As of March 31, 2021, cash and cash equivalents totaled $160.0 million and we had approximately $102.2 million of available borrowing capacity under our Credit Agreement. As of March 31, 2021, the borrowing base under the Credit Agreement was $117.8 million, we had no outstanding borrowings and outstanding letters of credit totaling $15.6 million. As of May 3, 2021, we had no outstanding borrowings, the borrowing base under the Credit Agreement was $119.3 million, the outstanding letters of credit totaled $15.6 million, and the available borrowing capacity under the Credit Agreement was $103.7 million.

Cash Flows

The following table summarizes our cash flows for the periods indicated:

Three months ended March 31, 

Change

    

2021

    

2020

    

Dollars

    

Percentage

(in thousands)

Net cash (used in) provided by operating activities

$

(3,873)

$

46,711

$

(50,584)

(108.3)

%

Net cash used in investing activities

(4,218)

(5,485)

1,267

23.1

%

Net cash used in financing activities

(935)

(6,291)

5,356

85.1

%

Subtotal

(9,026)

34,935

Effect of exchange rate changes on cash and cash equivalents

8

(61)

69

NM

Net (decrease) increase in cash and cash equivalents

$

(9,018)

$

34,874

46

Table of Contents

Analysis of Cash Flow Changes between the Three Months Ended March 31, 2021 and 2020

Operating Activities. Net cash used in operating activities was $3.9 million for the Current Quarter, compared to $46.7 million provided by operating activities in the Prior Quarter. The $50.6 million decrease is primarily due to $31.3 million lower cash from working capital activity. Also impacting the decrease was $19.3 million less cash from the combination of net loss plus non-cash expenses, as we generated higher Prior Quarter revenue and gross profits as the majority of Prior Quarter operations occurred before the sharp decline in demand for the Company’s services due to the COVID-19 pandemic.

Investing Activities. Net cash used in investing activities was $4.2 million for the Current Quarter, compared to $5.5 million for the Prior Quarter. The $1.3 million decrease in net cash used in investing activities was primarily due to a $6.8 million reduction in purchases of property and equipment partially offset by a $3.5 million decrease in proceeds received from sales of property and equipment and a $2.0 million equity method investment.

Financing Activities. Net cash used in financing activities was $0.1 million for the Current Quarter compared to $6.3 million for the Prior Quarter. The decrease in cash used in financing activities was primarily due to a $5.8 million decrease in repurchases of shares of Class A Common Stock during the Current Quarter compared to the Prior Quarter.

Credit Agreement

On November 1, 2017, in connection with the closing of the Rockwater Merger, SES Holdings and Select LLC entered into a $300.0 million senior secured revolving credit facility (the “Credit Agreement”), by and among SES Holdings, as parent, Select LLC, as borrower, certain of SES Holdings’ subsidiaries, as guarantors, each of the lenders party thereto and Wells Fargo Bank, N.A., as administrative agent, issuing lender and swingline lender (the “Administrative Agent”). The Credit Agreement has a sublimit of $40.0 million for letters of credit and a sublimit of $30.0 million for swingline loans. The maturity date of the Credit Agreement is the earlier of (a) November 1, 2022, and (b) the termination in whole of the Commitments pursuant to Section 2.1(b) of Article VII of the Credit Agreement.

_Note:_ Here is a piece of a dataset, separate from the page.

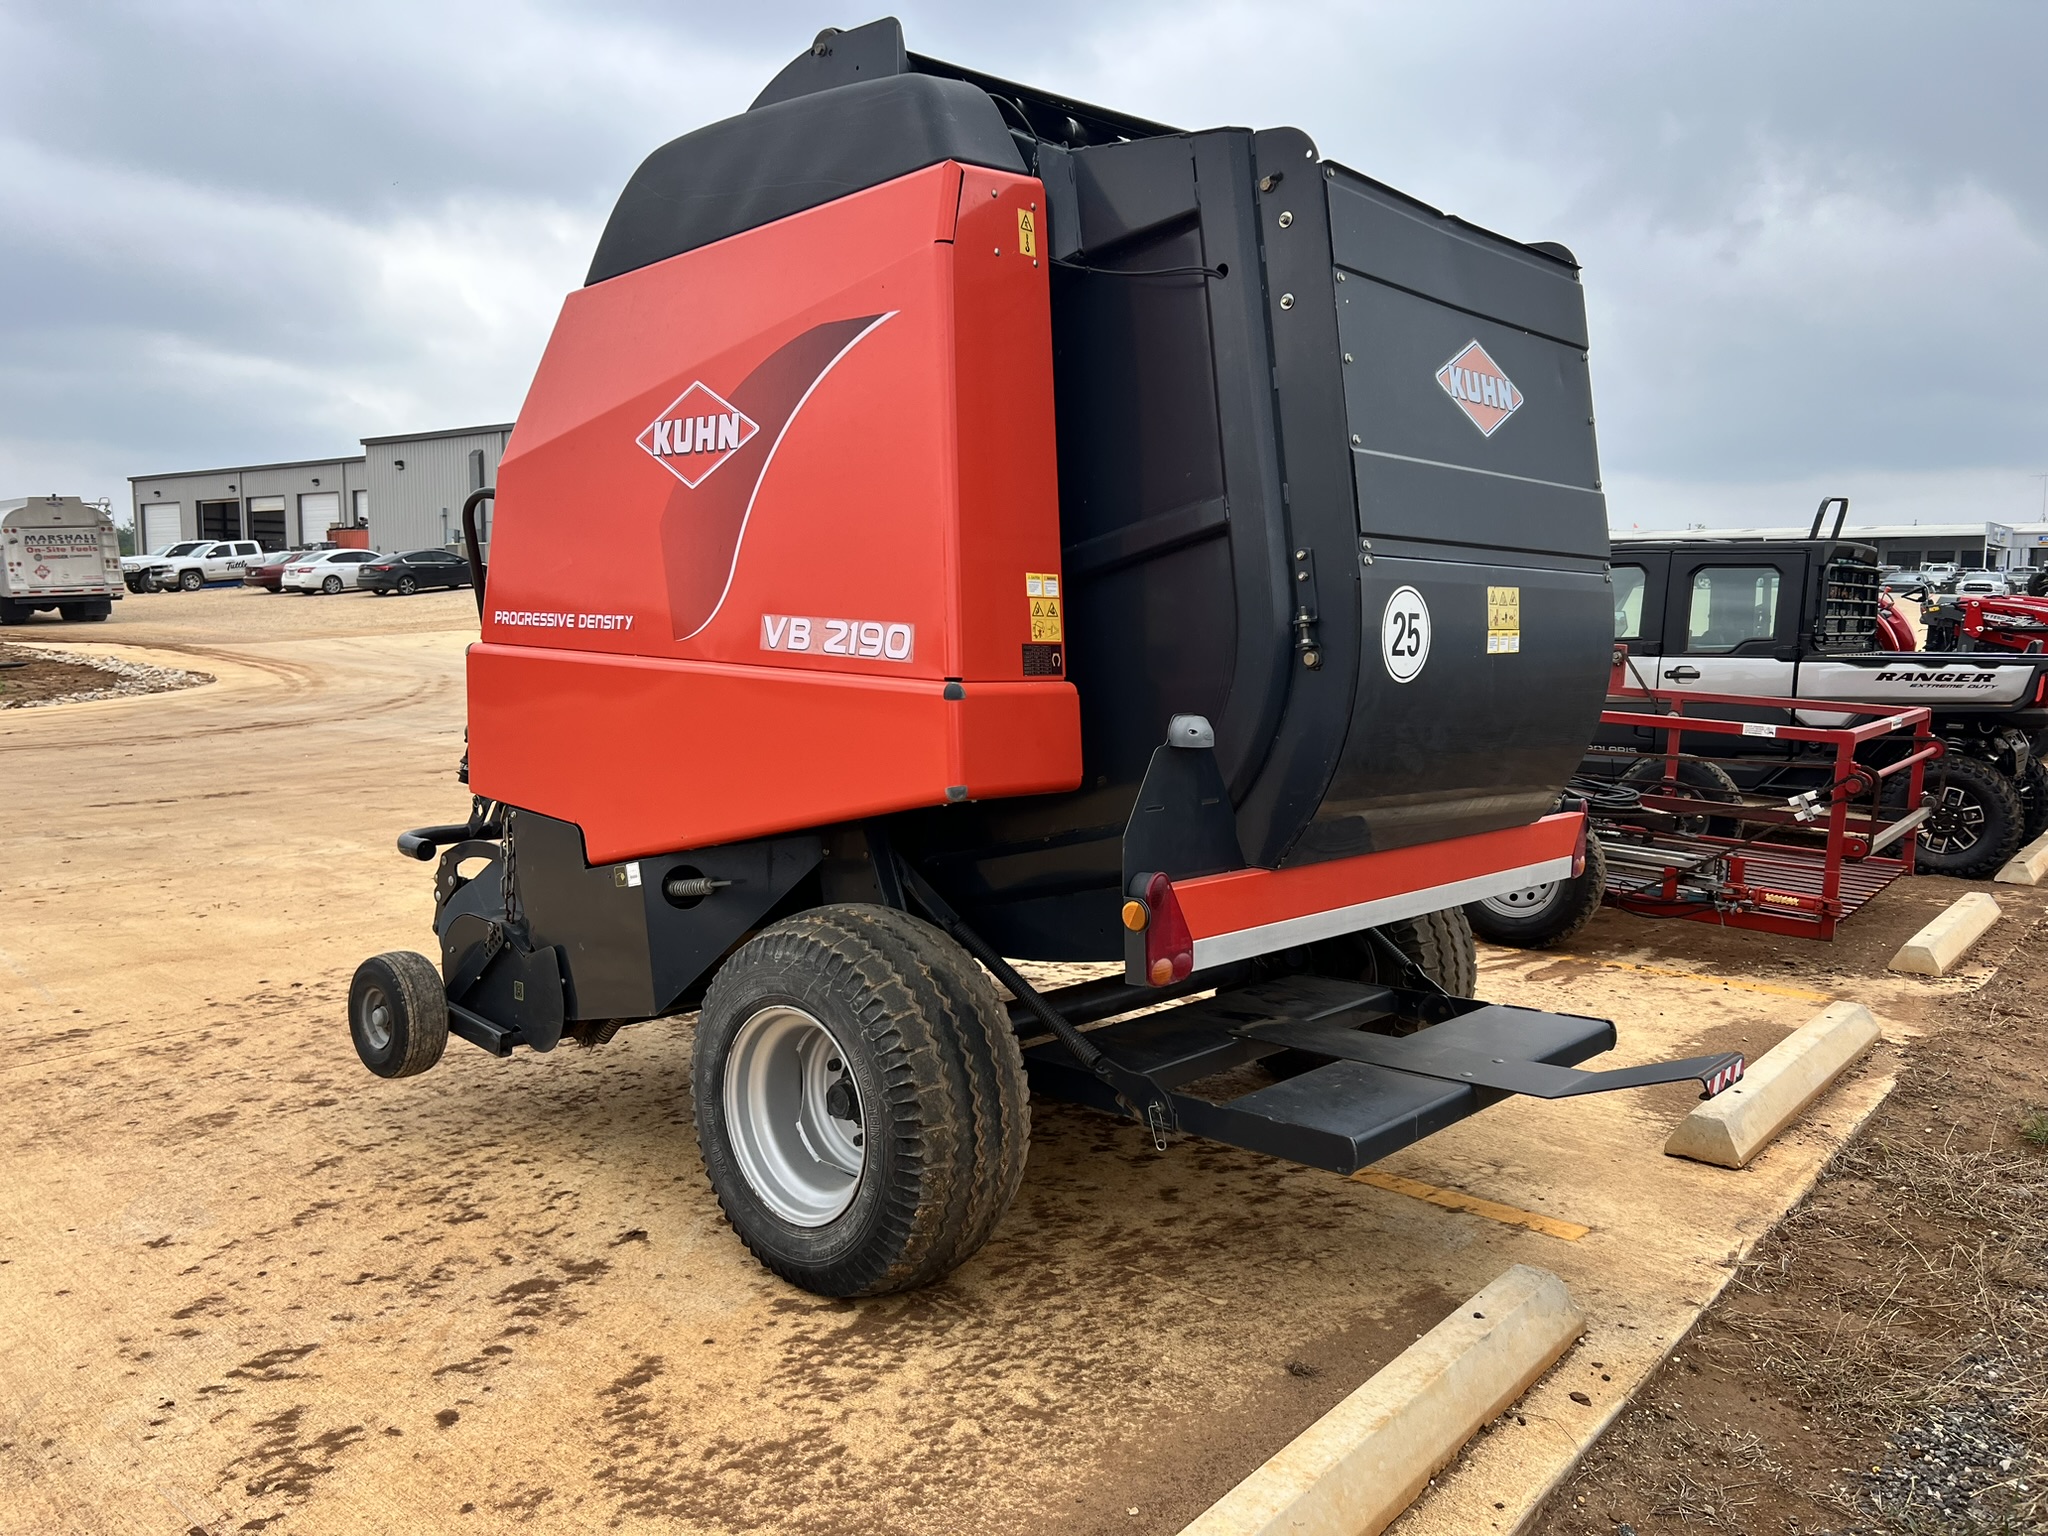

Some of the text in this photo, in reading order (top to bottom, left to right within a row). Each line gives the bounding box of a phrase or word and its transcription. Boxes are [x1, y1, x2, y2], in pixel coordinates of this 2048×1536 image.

The Credit Agreement permits extensions of credit up to the lesser of $300.0 million and a borrowing base that is determined by calculating the amount equal to the sum of (i) 85.0% of the Eligible Billed Receivables (as defined in the Credit Agreement), plus (ii) 75.0% of Eligible Unbilled Receivables (as defined in the Credit Agreement), provided that this amount will not equal more than 35.0% of the borrowing base, plus (iii) the lesser of (A) the product of 70.0% multiplied by the value of Eligible Inventory (as defined in the Credit Agreement) at such time and (B) the product of 85.0% multiplied by the Net Recovery Percentage (as defined in the Credit Agreement) identified in the most recent Acceptable Appraisal of Inventory (as defined in the Credit Agreement), multiplied by the value of Eligible Inventory at such time, provided that this amount will not equal more than 30.0% of the borrowing base, minus (iv) the aggregate amount of Reserves (as defined in the Credit Agreement), if any, established by the Administrative Agent from time to time, including, if any, the amount of the Dilution Reserve (as defined in the Credit Agreement). The borrowing base is calculated on a monthly basis pursuant to a borrowing base certificate delivered by Select LLC to the Administrative Agent.

Borrowings under the Credit Agreement bear interest, at Select LLC’s election, at either the (a) one-, two-, three- or six-month LIBOR (“Eurocurrency Rate”) or (b) the greatest of (i) the federal funds rate plus 0.5%, (ii) the one-month Eurocurrency Rate plus 1.0% and (iii) the Administrative Agent’s prime rate (the “Base Rate”), in each case plus an applicable margin, and interest shall be payable monthly in arrears. The applicable margin for Eurocurrency Rate loans ranges from 1.50% to 2.00% and the applicable margin for Base Rate loans ranges from 0.50% to 1.00%, in each case, depending on Select LLC’s average excess availability under the Credit Agreement. During the continuance of a bankruptcy event of default, automatically and during the continuance of any other default, upon the Administrative Agent’s or the required lenders’ election, all outstanding amounts under the Credit Agreement will bear interest at 2.00% plus the otherwise applicable interest rate.

47

Table of Contents

The obligations under the Credit Agreement are guaranteed by SES Holdings and certain subsidiaries of SES Holdings and Select LLC and secured by a security interest in substantially all of the personal property assets of SES Holdings, Select LLC and their domestic subsidiaries.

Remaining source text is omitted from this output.